Overweight Cats In UK Facing Diabetes Risk


Many cats that are overweight are facing the risk of diabetes. An increasing number of cats are being diagnosed with Type 2 diabetes, as the lack of exercise and heavier body affect their health.

An University of Edinburgh study that involved 14,000 cats concluded that one in every 230 cats in the UK is diabetic.

Cats with weight problems are said to be more than three times as likely to suffer from diabetes. Neutered male cats that do not get adequate amount of exercise are particularly at risk.

Cat owners are being urged to watch their cat’s health and weight, control the amount of treats they feed and to make sure their cat gets enough exercise.

Professor Danielle Gunn-Moore, from Edinburgh University’s Royal (Dick) School of Veterinary Studies, said: “This is the first study of its kind to try to quantify diabetes among cats in the UK and the results show extremely worrying levels. To reduce your cat’s risk of developing this often fatal disease you need to keep them active, and not allow them to gain too much weight.”
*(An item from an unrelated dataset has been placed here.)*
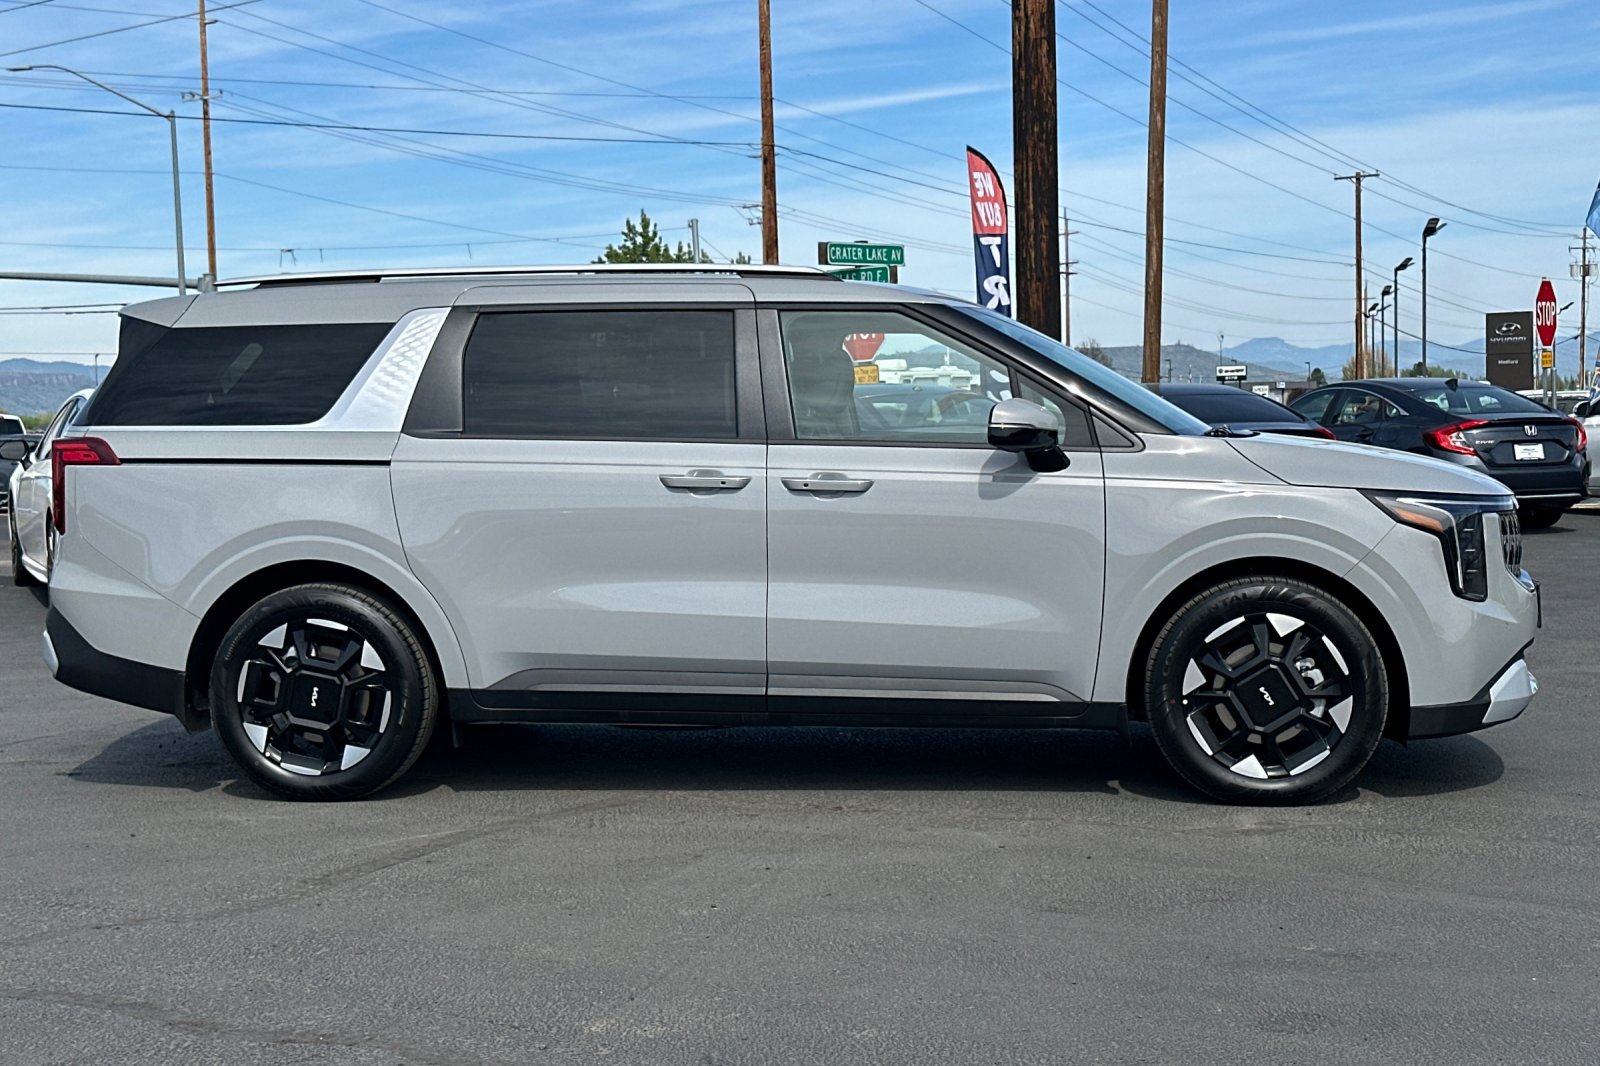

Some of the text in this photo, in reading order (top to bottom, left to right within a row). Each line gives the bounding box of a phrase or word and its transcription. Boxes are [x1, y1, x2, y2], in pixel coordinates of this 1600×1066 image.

[831, 247, 901, 261] CRATER LAKE AV
[1537, 301, 1556, 327] STOP
[1490, 336, 1526, 344] HYUNDAI
The number of diabetic cats in this UK study is almost five times higher than a previous study done in the US in the 1970s.

Between 85% and 95% of diabetic cats suffer from type II diabetes, which is commonly associated with obesity.

Researchers say that cats are are following in the footsteps of their human counterpart. Over 2 million people in the UK have diabetes.

They also say that like people, cats will overeat if they are offered tasty food, are bored and have nothing else to do. Cats are more likely to be housebound, so cats are not getting enough exercise

Burmese cats were found to be three times more likely to develop diabetes than any other pedigree breed.

Source: BBC News

8 Responses to “Overweight Cats In UK Facing Diabetes Risk”

  1. catmom5 says:

    Just how do you exercise a cat? Mine pretty much do what they want when they want ~ will play for a while but they are best at napping! A vet tech suggested hiding their food around the house so they have to hunt for it. Maybe this is a good time to try that!

  2. Anonymous says:

    Treats and exercise have nothing whatsoever to do with this. This is poor reporting, probably a product of the veterinary establishment and its sponsors the petfood industry. The article says nothing about the dangerous and completely species-inappropriate levels of grains/carbs added to catfood to pump up petfood industry profits (and guarantee continuing veterinary income). Cats should not be fed grains and carbs. Time to get the fact out:

    http://home.earthlink.net/~jacm2/id1.html American Veterinary Medical Association:
    “THE CARNIVORE CONNECTION TO NUTRITION IN CATS” by Debra L. Zoran, DVM, PhD, DACVIM. Article on feline nutrition that appeared in JAVMA December 1, 2002 (Volume 221, No. 11)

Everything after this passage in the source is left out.